Even worse, attackers deleted job logs after running bulk SOQL queries, making detection as likely as spotting a ninja in a blackout.
🤔 Why It Happened
The root issue wasn’t Salesforce. It was trust by default.
- Drift, as an AI chatbot, had broad OAuth permissions to Salesforce and other SaaS apps.
- Once compromised, those tokens acted as a VIP pass, bypassing normal security checks.
- In other words: why smash down the castle gate when you can just charm the chatbot holding the keys?
🛠️ Why It Happened That Way
Attackers weren’t improvising — they had a playbook.
| Tactic | Why It Worked |
|---|---|
| Compromise Drift (AI chatbot app) | Held wide OAuth permissions into Salesforce |
| Steal OAuth refresh tokens | Long-lived tokens = persistent access |
| Run bulk SOQL queries | Automated data harvest, “low noise” |
| Delete job logs | Evade detection — defenders blindfolded |
| Target high-value vendors | Zscaler, Palo Alto, Cloudflare, Proofpoint → fourth-party fallout |
This wasn’t just a breach — it was an ecosystem hack, weaponizing integration trust chains.
🕵️ Who Did It
- UNC6395: Primary attribution (tracked by Google GTIG, Mandiant, Unit42).
- ShinyHunters: Claimed credit, but think of them as that guy who brags at the bar about “totally being in the heist” — with no proof.
Victims (so far):
- Security heavyweights: Zscaler, Palo Alto Networks, Cloudflare, Proofpoint, Tanium, Tenable, CyberArk, BeyondTrust, Elastic, JFrog.
- Enterprises across finance, tech, retail, healthcare, and government.
- Even Google’s own Salesforce instance was brushed by this.
When your defenders get breached, you know the attack vector was crafty.
🛡️ What We Did About It
Immediate
- Salesloft & Salesforce: revoked Drift tokens, pulled the app from AppExchange.
- Victims: rotated keys, disabled integrations, launched IR investigations.
Strategic (Threat-Led Takeaways)
| Lesson | Why It Matters |
|---|---|
| Treat OAuth tokens as crown jewels | They bypass MFA and normal access controls. |
| Apply least privilege to connectors | Drift didn’t need “super admin” into everything. |
| Monitor integration telemetry | Watch for unusual token use, SOQL bulk jobs, deleted logs. |
| Model fourth-party fallout | If your vendor (e.g., Zscaler) is hit, assume risk to your customers too. |
| Add AI connectors into threat models | Convenience ≠ harmless.

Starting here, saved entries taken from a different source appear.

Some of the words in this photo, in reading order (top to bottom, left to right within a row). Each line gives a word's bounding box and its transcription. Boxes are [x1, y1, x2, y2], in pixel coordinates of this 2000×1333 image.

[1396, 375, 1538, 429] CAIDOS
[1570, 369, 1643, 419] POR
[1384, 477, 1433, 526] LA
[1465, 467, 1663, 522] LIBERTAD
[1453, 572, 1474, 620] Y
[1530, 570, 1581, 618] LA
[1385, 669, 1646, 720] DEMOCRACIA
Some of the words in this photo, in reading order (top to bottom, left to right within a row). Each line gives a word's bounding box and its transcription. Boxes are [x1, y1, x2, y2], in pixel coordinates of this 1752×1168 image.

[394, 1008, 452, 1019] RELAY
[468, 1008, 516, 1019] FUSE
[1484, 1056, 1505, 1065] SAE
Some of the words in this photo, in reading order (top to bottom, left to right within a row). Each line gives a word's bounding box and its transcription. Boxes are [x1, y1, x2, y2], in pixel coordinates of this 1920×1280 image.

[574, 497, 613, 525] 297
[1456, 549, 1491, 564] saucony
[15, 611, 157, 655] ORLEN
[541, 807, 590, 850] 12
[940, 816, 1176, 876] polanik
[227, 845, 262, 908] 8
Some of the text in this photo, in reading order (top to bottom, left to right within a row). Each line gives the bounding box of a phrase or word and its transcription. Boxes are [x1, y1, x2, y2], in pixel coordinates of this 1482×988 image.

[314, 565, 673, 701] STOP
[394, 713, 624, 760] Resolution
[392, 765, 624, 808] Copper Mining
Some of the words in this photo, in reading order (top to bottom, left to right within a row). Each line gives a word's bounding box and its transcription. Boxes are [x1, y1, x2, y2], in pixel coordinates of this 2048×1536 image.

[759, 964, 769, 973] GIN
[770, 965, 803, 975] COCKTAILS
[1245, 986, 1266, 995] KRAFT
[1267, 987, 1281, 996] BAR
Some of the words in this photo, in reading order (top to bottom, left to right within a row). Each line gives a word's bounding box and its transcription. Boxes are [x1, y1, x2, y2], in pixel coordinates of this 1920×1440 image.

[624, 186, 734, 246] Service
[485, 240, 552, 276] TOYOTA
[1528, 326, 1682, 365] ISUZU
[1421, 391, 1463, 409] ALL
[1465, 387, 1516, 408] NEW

Chatbots can be beachheads. |
😏 Wrap-Up
This breach is the cybersecurity version of “My friend’s cousin’s dog ate my homework.” Except here, it was:
“My vendor’s AI chatbot got popped, so now my Salesforce data — and my customers’ data — is out in the wild.”
The lesson? In 2025, it’s not enough to harden your castle walls. You also need to vet the chatty little AI squire holding the drawbridge ropes.
📚 References
- SOCRadar: Salesloft Drift Breach – Everything You Need to Know (IOCs)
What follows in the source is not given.